Now, look at the opposing actions taken during the Treasury rally so far this year. The commercial traders’ net position has declined by more than 85,000 contracts on the rally while the large speculators’ net position has grown by more than 65,000 contracts.Furthermore, note on the right side of the bottom pane that the large speculator position has grown by more than 20% over the last month as they’ve been adding to their long positions ahead of the April FOMC meeting. Meanwhile, the commercial traders’ total position has grown by less than 5%, as they feel less certain as a group but more certain individually. We calculate this using the difference in their total position and net positions and use it to publish mechanical Commitments of Traders trading signals. Aggressive commercial traders have taken advantage of large speculator buying to create their most net short position since July of 2012 ahead of the April meeting. We’ll seek consensus based on the outcome of the FOMC meeting and the commercial traders’ collective actions in response to the FOMC’s language. If the commercial position continues to grow due to continued selling, we’d feel pretty confident that their collective consensus is pointing towards higher rates. In the meantime, we’ll continue to look for individual trading opportunities through the daily chart below.

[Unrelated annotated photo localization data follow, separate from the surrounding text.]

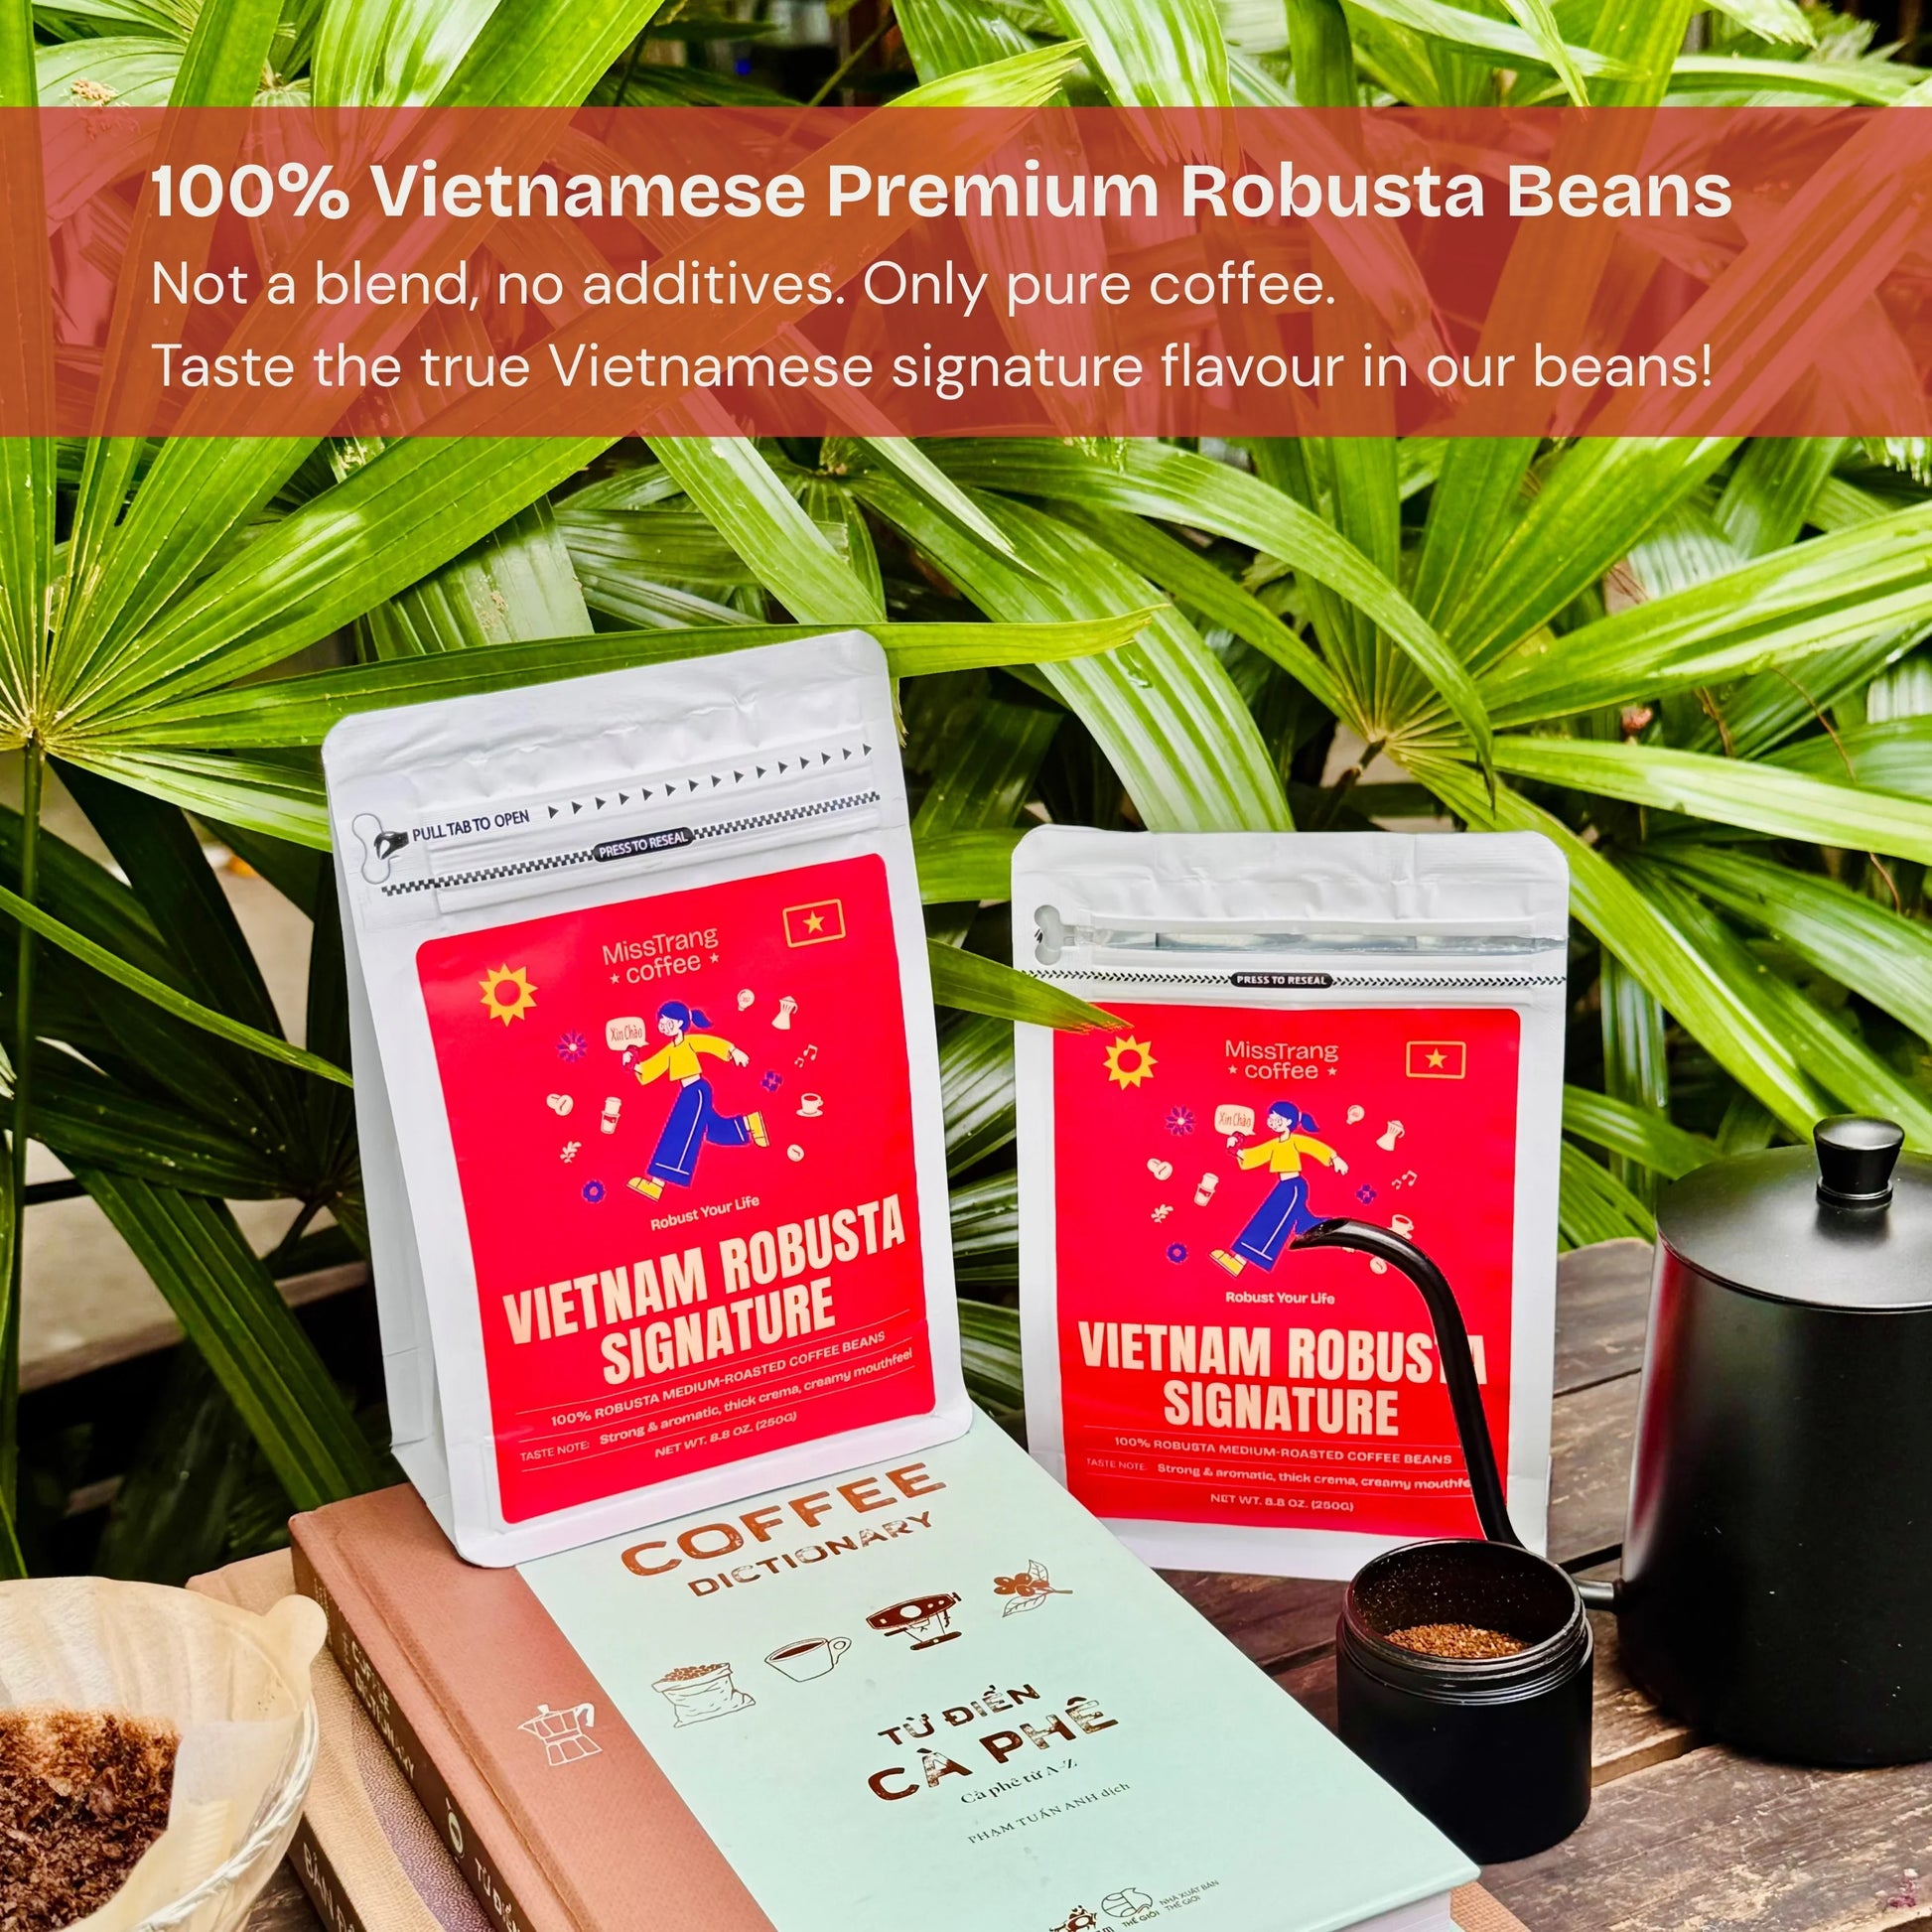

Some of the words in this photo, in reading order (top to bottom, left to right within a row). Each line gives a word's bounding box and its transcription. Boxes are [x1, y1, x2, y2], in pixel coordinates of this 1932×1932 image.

[412, 825, 447, 842] PULL
[447, 820, 472, 836] TAB
[473, 817, 491, 831] TO
[494, 810, 530, 828] OPEN
[599, 840, 631, 859] PRESS
[630, 838, 648, 852] TO
[649, 833, 689, 850] RESEAL
[602, 927, 719, 967] MissTrang
[625, 953, 702, 985] coffee
[1236, 974, 1270, 986] PRESS
[1271, 975, 1286, 986] TO
[1288, 975, 1327, 987] RESEAL
[611, 1027, 624, 1041] Xin
[1225, 1039, 1339, 1063] MissTrang
[1244, 1061, 1319, 1080] coffee
[1218, 1111, 1232, 1127] Xin
[650, 1208, 699, 1231] Robust
[700, 1201, 733, 1220] Your
[735, 1194, 760, 1211] Life
[502, 1246, 708, 1345] VIETNAM
[719, 1193, 906, 1294] ROBUSTA
[1225, 1291, 1274, 1305] Robust
[1277, 1292, 1309, 1305] Your
[1311, 1293, 1335, 1306] Life
[600, 1277, 836, 1386] SIGNATURE
[1078, 1321, 1271, 1377] VIETNAM
[1288, 1328, 1488, 1385] ROBUSA
[551, 1408, 593, 1427] 100%
[594, 1392, 660, 1421] ROBUSTA
[662, 1359, 786, 1405] MEDIUM-ROASTED
[788, 1343, 840, 1369] COFFEE
[841, 1330, 887, 1354] BEANS
[520, 1445, 556, 1462] TASTE
[556, 1440, 592, 1456] NOTE:
[599, 1425, 645, 1447] Strong
[646, 1420, 659, 1433] &
[660, 1405, 723, 1431] aromatic,
[723, 1393, 759, 1414] thick
[758, 1383, 802, 1406] crema,
[803, 1369, 852, 1394] creamy
[853, 1346, 913, 1378] mouthfeel
[1163, 1379, 1400, 1437] SIGNATURE
[654, 1442, 682, 1458] NET
[682, 1435, 708, 1451] WT.
[709, 1429, 732, 1444] 8.8
[732, 1424, 755, 1438] OZ.
[756, 1410, 798, 1435] (250G)
[1114, 1437, 1152, 1449] 100%
[1154, 1440, 1216, 1453] ROBUSTA
[1218, 1445, 1344, 1460] MEDIUM-ROASTED
[1346, 1450, 1401, 1463] COFFEE
[1404, 1453, 1452, 1465] BEANS
[1086, 1456, 1116, 1468] TASTE
[1157, 1463, 1201, 1477] Strong
[1202, 1466, 1214, 1477] &
[1215, 1468, 1277, 1483] aromatic,
[1279, 1472, 1311, 1484] thick
[1313, 1475, 1359, 1487] crema,
[1360, 1477, 1412, 1491] creamy
[621, 1461, 947, 1577] COFFEE
[1210, 1493, 1236, 1504] NET
[1238, 1495, 1263, 1506] WT.
[1288, 1499, 1310, 1509] OZ.
[687, 1510, 932, 1597] DICTIONARY
[878, 1714, 936, 1745] TỪ
[942, 1684, 1040, 1727] ĐIỂN
[868, 1747, 974, 1802] CÀ
[979, 1696, 1120, 1764] PHÊ
[960, 1790, 988, 1805] Cà
[1045, 1758, 1078, 1777] A-Z
[967, 1822, 1016, 1844] PHẠM
[1064, 1793, 1099, 1811] ANH
[1100, 1782, 1131, 1798] dịch

Now, we can examine the interaction between the commercial traders and the large speculators. Notice the generally negative correlation between market prices and the commercial trader net position in the second pane. This is nearly the exact opposite of the large specs. It must also be understood that the Commitments of Traders data is a week old. Therefore, their purchases show as upticks on the market’s general decline. This makes them leaders, rather than followers. This is the exact opposite of the trend-following large speculators whose position tends to be positively correlated to the market’s movement. The recent action is a great example as recent large speculator buying provided ample opportunity for the commercial traders to offset the long position they’ve been building since December.
Finally, the decade plus long rally has provided time for significant support to build underneath the market’s springtime rally. We solid support based on long-term trends and moving averages that suggest commercial trader may return to the buy side of the Treasury market once prices begin to fall to the 150 – 156 area. The real question becomes, “Can the US raise rates domestically while an increasing percentage of the developed world institutes increasingly negative interest rates?”